Patent owners and the lawyers who represent them said eBay‘s impact wasn’t limited to non-practicing entities and has been particularly harsh for inventors working outside of established tech companies.
“If you’re a small company or an independent inventor, you’re not immediately going to be able to satisfy the full market demand for your product,” Matich said. Before eBay, he said, such patent owners might have been able to use an injunction as a way to gain a foothold in markets dominated by bigger players.
“Part of what was motivating the eBay decision was the patent-troll narrative that was starting to gain some traction at that time,” he said. “So, there’s this problem in the patent system,” Matich continued. “Is the solution to deny lots of valid patent owners injunctions? No.”
At the same time, tech companies have bristled at the comparatively relaxed standard for patent owners seeking exclusion orders at the ITC barring the import of infringing products.
The bill’s timing is partially explained by a series of judicial decisions and legislative changes over the last two decades that have made the US patent system more defendant-friendly at the expense of patent owners, Matich said.
He pointed to the Supreme Court’s subsequent decisions in KSR v. Teleflex, which lowered the bar for invalidating patents as obvious; Alice Corp. v. CLS Bank Int’l, which led to more patents being invalidated as abstract; and TC Heartland v. Kraft Foods, which interpreted the patent venue statute in a way that shrunk the number of lawsuits that could be maintained in Marshall, Texas, long a favored venue for plaintiffs.

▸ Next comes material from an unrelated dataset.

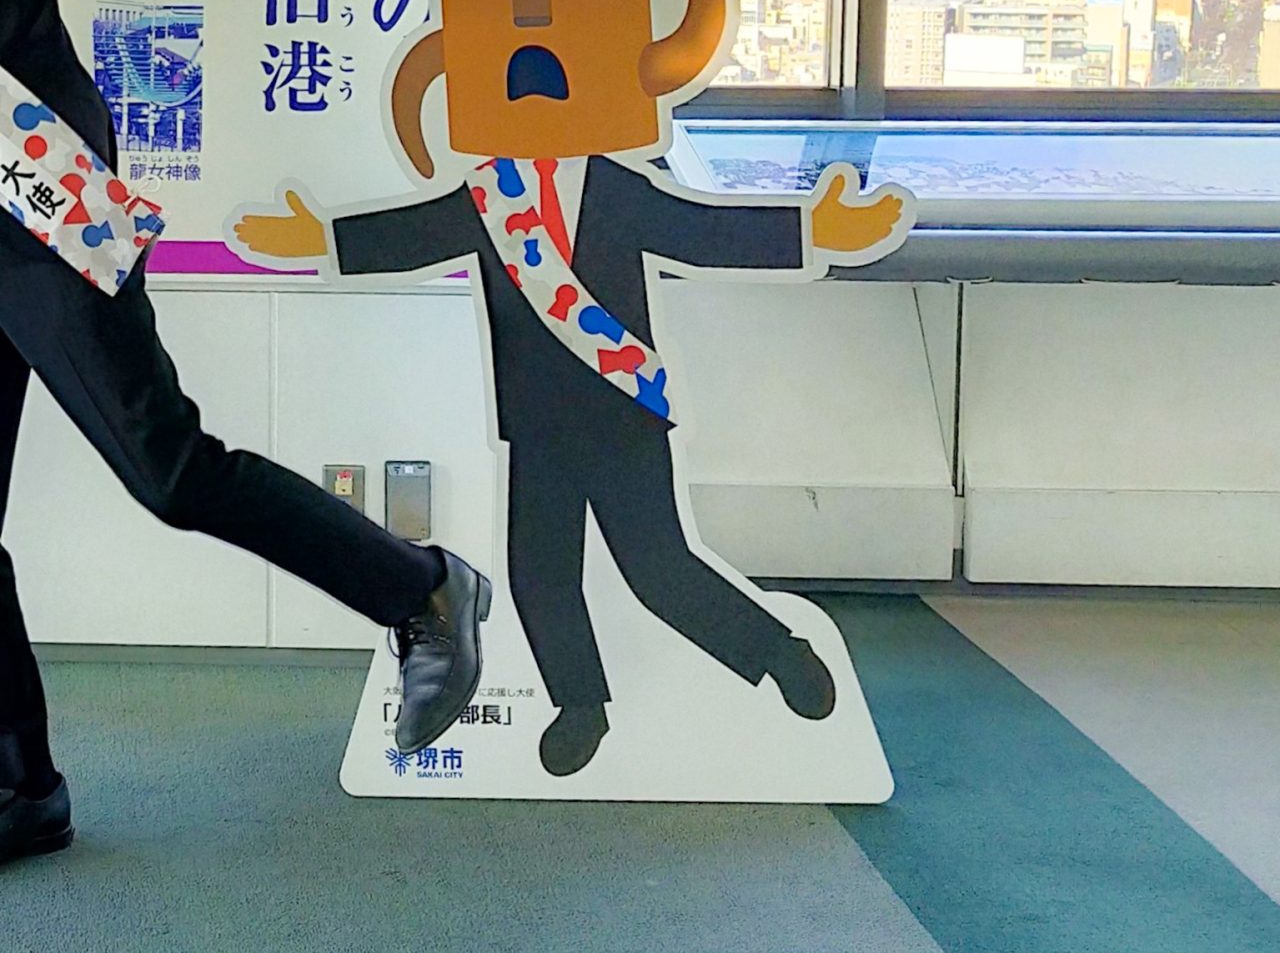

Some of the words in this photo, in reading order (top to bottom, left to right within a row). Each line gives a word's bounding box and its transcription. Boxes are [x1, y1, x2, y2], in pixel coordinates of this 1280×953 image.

[129, 163, 201, 181] 龍女神像
[417, 748, 463, 770] 堺市
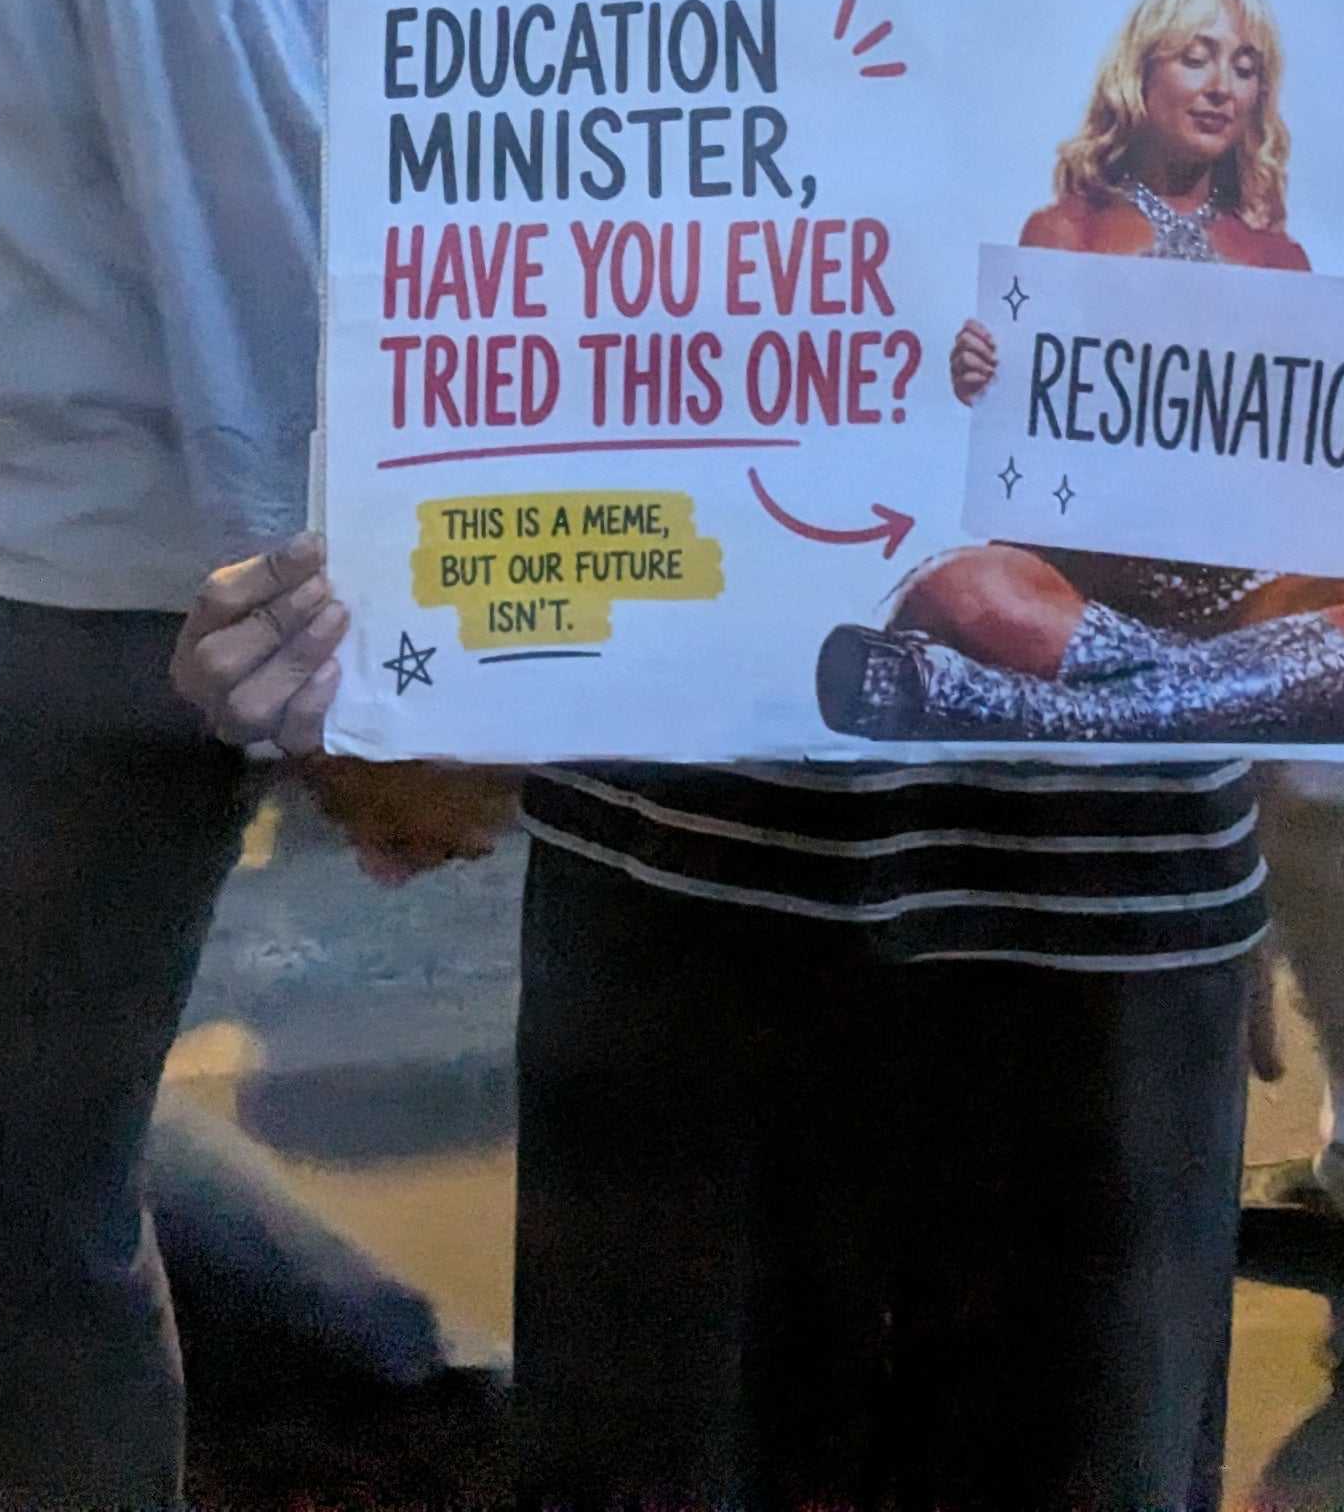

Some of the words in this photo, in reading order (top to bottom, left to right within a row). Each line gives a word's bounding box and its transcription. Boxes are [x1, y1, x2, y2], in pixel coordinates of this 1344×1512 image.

One statistical review of patent suits before and after eBay, conducted by law professors Colleen Chien and Mark Lemley, showed that injunctions were granted 95% of the time before the opinion and 75% after. The decrease was particularly stark for non-practicing entities, which were denied injunctions 9 out of 10 times when such relief was opposed by a defendant, the review found.
The legislation “is part of an overall sense that there needs to be a bit of a recalibration,” Matich said.
Simpson agreed and pointed to “the expansion of the Patent Trial and Appeal Board” at the PTO—an administrative body that has authority to invalidate already-issued patents. Defendants in patent litigation frequently file validity challenges at the PTAB.
“We’ve seen the emergence of the countervailing trend of making it very easy—especially for bigger companies—to infringe on people’s patent rights without meaningful consequences beyond what seems to them to be a large fine,” she said.
One person who said he hopes the bill doesn’t succeed is the appellate lawyer who argued, and won, for eBay at the Supreme Court nearly two decades ago.
“If I were a plaintiff-side lawyer, I’d want Congress to change the system because it’d give me enormously more leverage,” said Carter Phillips of Sidley Austin.
Damages awards in patent cases can be tripled when a defendant is found to have purposefully infringed, Phillips noted, providing plaintiffs with “plenty of leverage already.”
“Personally, I’d hope Congress decides to leave things where they are,” he said.